(Available data)
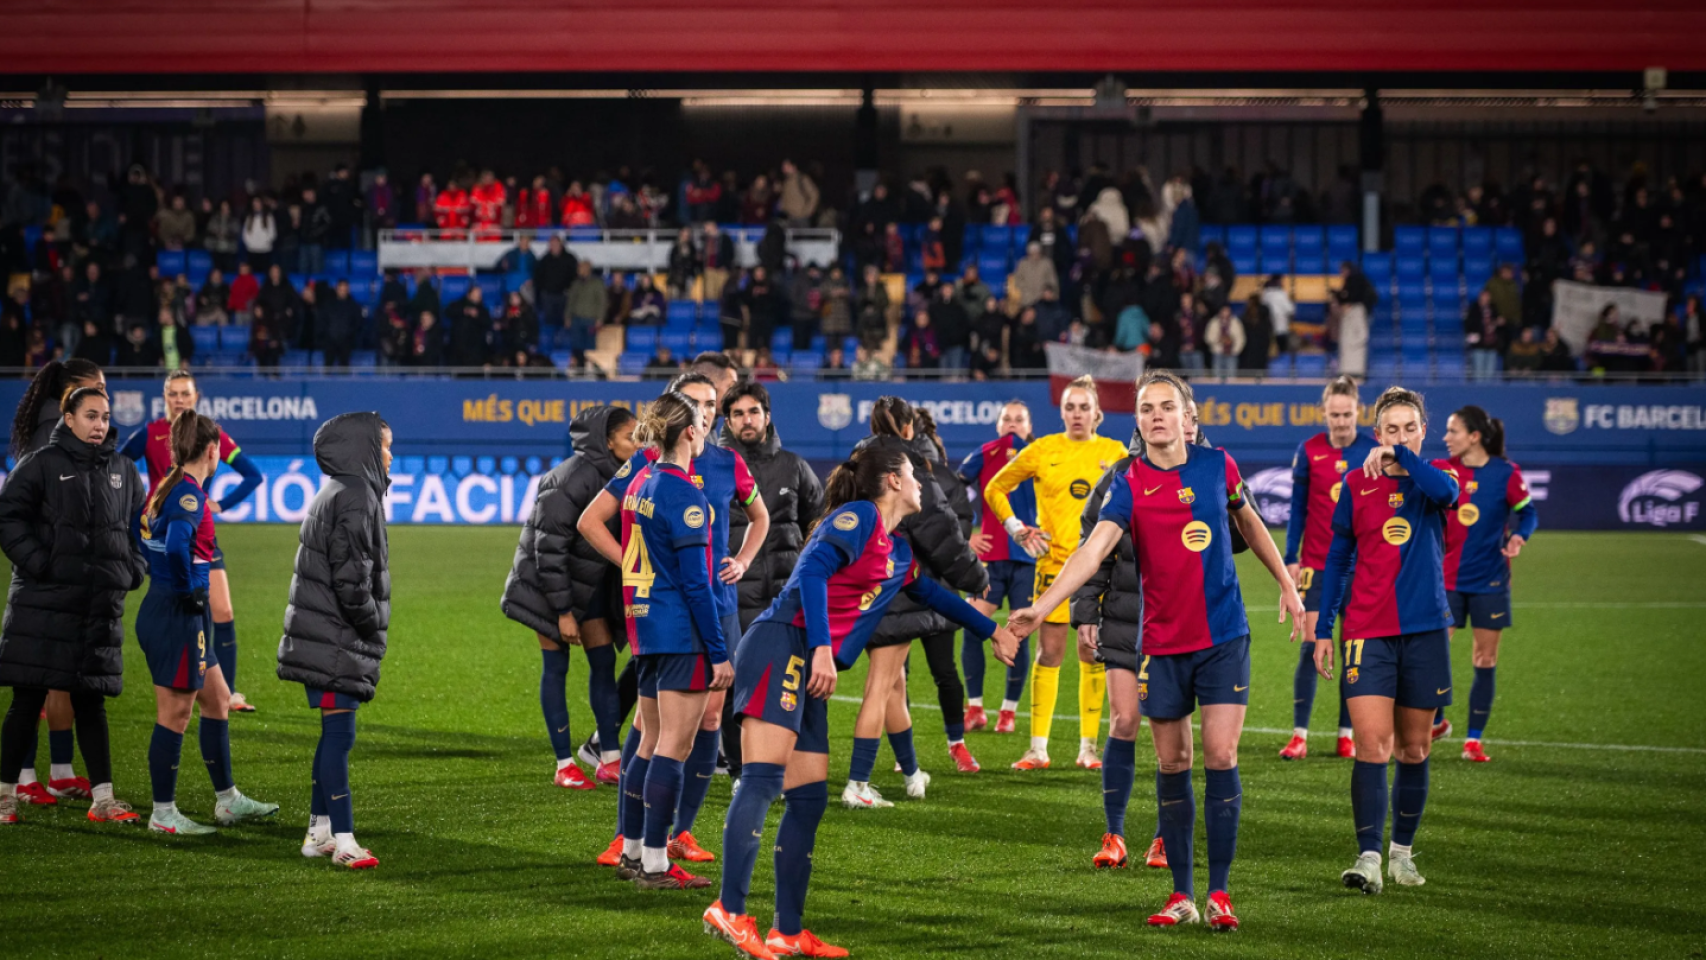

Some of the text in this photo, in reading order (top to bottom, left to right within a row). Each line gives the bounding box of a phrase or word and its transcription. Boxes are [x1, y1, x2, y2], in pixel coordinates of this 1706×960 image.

[198, 396, 318, 420] ARCELONA
[463, 393, 513, 422] MÉS
[518, 399, 566, 426] QUE
[1197, 396, 1231, 426] ÉS
[1235, 402, 1284, 430] QUE
[1584, 405, 1706, 430] FC BARCEL
[211, 459, 330, 523] CIÓ
[1260, 498, 1292, 524] iga
[1632, 500, 1700, 527] Liga F
[622, 523, 656, 598] 4
[1344, 639, 1365, 667] 11
[782, 654, 805, 691] 5
(End Available data)
What is needed here is an exact transcription of every record above, with images excluded.

» **Answer box**:
Some of the text in this photo, in reading order (top to bottom, left to right within a row). Each line gives the bounding box of a phrase or word and its transcription. Boxes are [x1, y1, x2, y2], in pixel coordinates of this 1706×960 image.

[198, 396, 318, 420] ARCELONA
[463, 393, 513, 422] MÉS
[518, 399, 566, 426] QUE
[1197, 396, 1231, 426] ÉS
[1235, 402, 1284, 430] QUE
[1584, 405, 1706, 430] FC BARCEL
[211, 459, 330, 523] CIÓ
[1260, 498, 1292, 524] iga
[1632, 500, 1700, 527] Liga F
[622, 523, 656, 598] 4
[1344, 639, 1365, 667] 11
[782, 654, 805, 691] 5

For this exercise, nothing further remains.